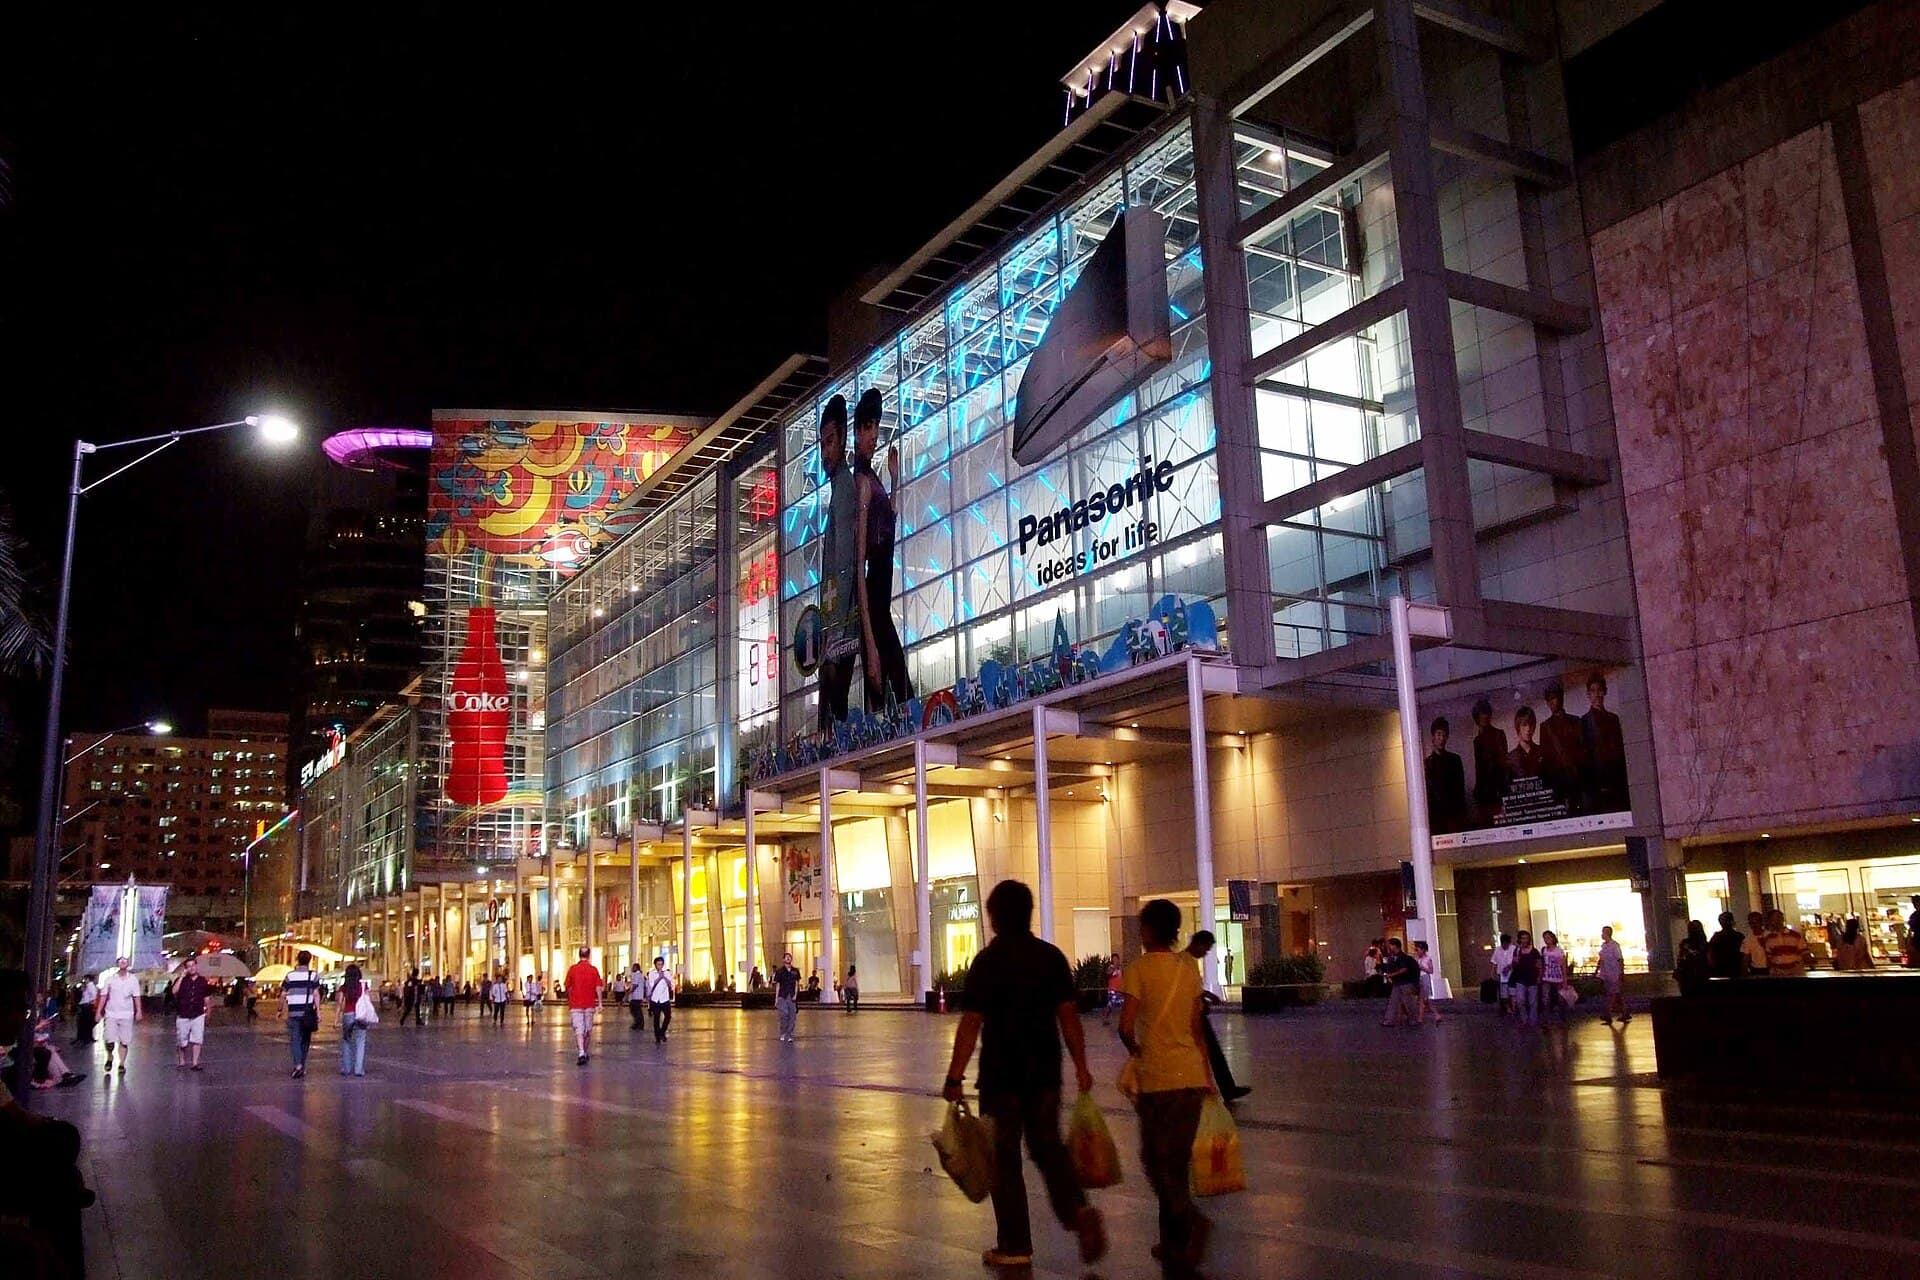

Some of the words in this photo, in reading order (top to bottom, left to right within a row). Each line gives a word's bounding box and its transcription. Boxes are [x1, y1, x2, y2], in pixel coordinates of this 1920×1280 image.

[1018, 454, 1174, 556] Panasonic
[1037, 551, 1087, 586] ideas
[1092, 536, 1119, 563] for
[1124, 519, 1158, 551] life
[448, 691, 512, 713] Coke

━━━━━━━━━━━━━━━━

Strip out the pictures and quote the remaining data word for word.

## Written answer
Some of the words in this photo, in reading order (top to bottom, left to right within a row). Each line gives a word's bounding box and its transcription. Boxes are [x1, y1, x2, y2], in pixel coordinates of this 1920×1280 image.

[1018, 454, 1174, 556] Panasonic
[1037, 551, 1087, 586] ideas
[1092, 536, 1119, 563] for
[1124, 519, 1158, 551] life
[448, 691, 512, 713] Coke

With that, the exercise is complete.